All three of those PCs were unconscious by the time the warpriest and hunter had finished off the shadow and their minions. The warpriest was out of Healing Words, but he could made heal checks – one to stabilize the dying knight and one to let the sentinel use his second wind (whereupon the sentinel used his last Healing World to bring the weaponmaster back into the fight).
The weaponmaster pushed the blazing skeleton into the canal, which I ruled was quite bad for the skeleton (fire in water, you know) and treated it as falling damage. The skeleton survived and came after the hunter, but the weaponmaster circled around and shoved him back into the canal, finishing him off at last.
This was a brutal battle, though I know this was in part because we had some new players and in part because the weaponmaster basically sat out two rounds. I ended up being pretty generous as the battle wore on. The weaponmaster claimed he had a power that would push the target on a hit or a miss; I was dubious, but the PCs needed all the help they could get.

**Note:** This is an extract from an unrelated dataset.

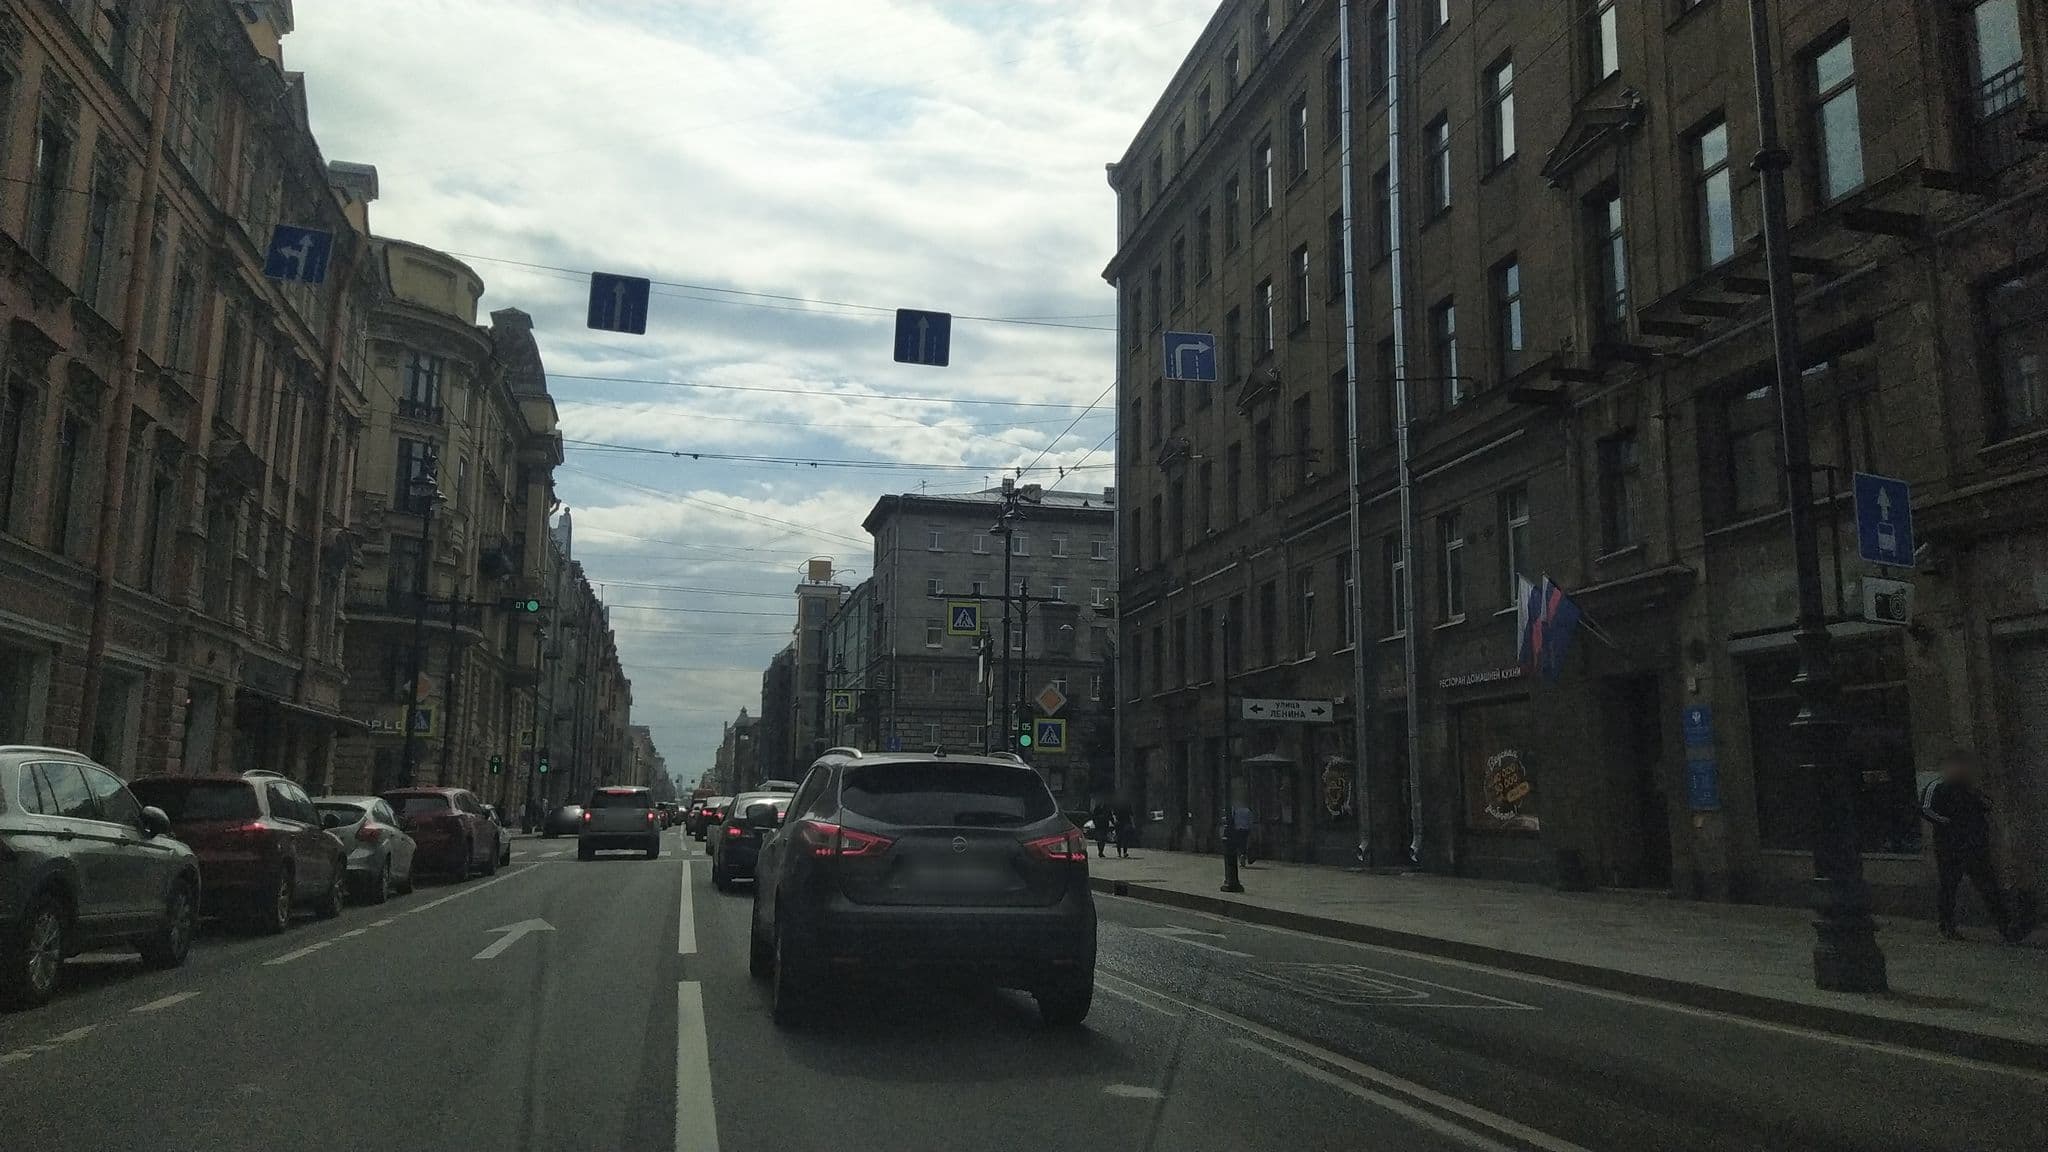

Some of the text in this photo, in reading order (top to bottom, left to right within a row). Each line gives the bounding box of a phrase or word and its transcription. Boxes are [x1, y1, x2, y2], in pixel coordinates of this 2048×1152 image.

Still, we had a lot of fun and a lot of tension. The father/son pair definitely had a blast, and I stayed afterward to talk to them about the game. The son bought a mini for his drow hunter, and the father picked up a copy of the Rules Compendium. The store was sold out of Heroes of the Fallen Lands and Heroes of the Forgotten Kingdoms, but I wrote down the titles for him and suggested he also check out D&D Insider if he decides they’re going to keep playing. The father said they would probably be back next week – the son said they DEFINITELY would.
I love bringing new players into the game!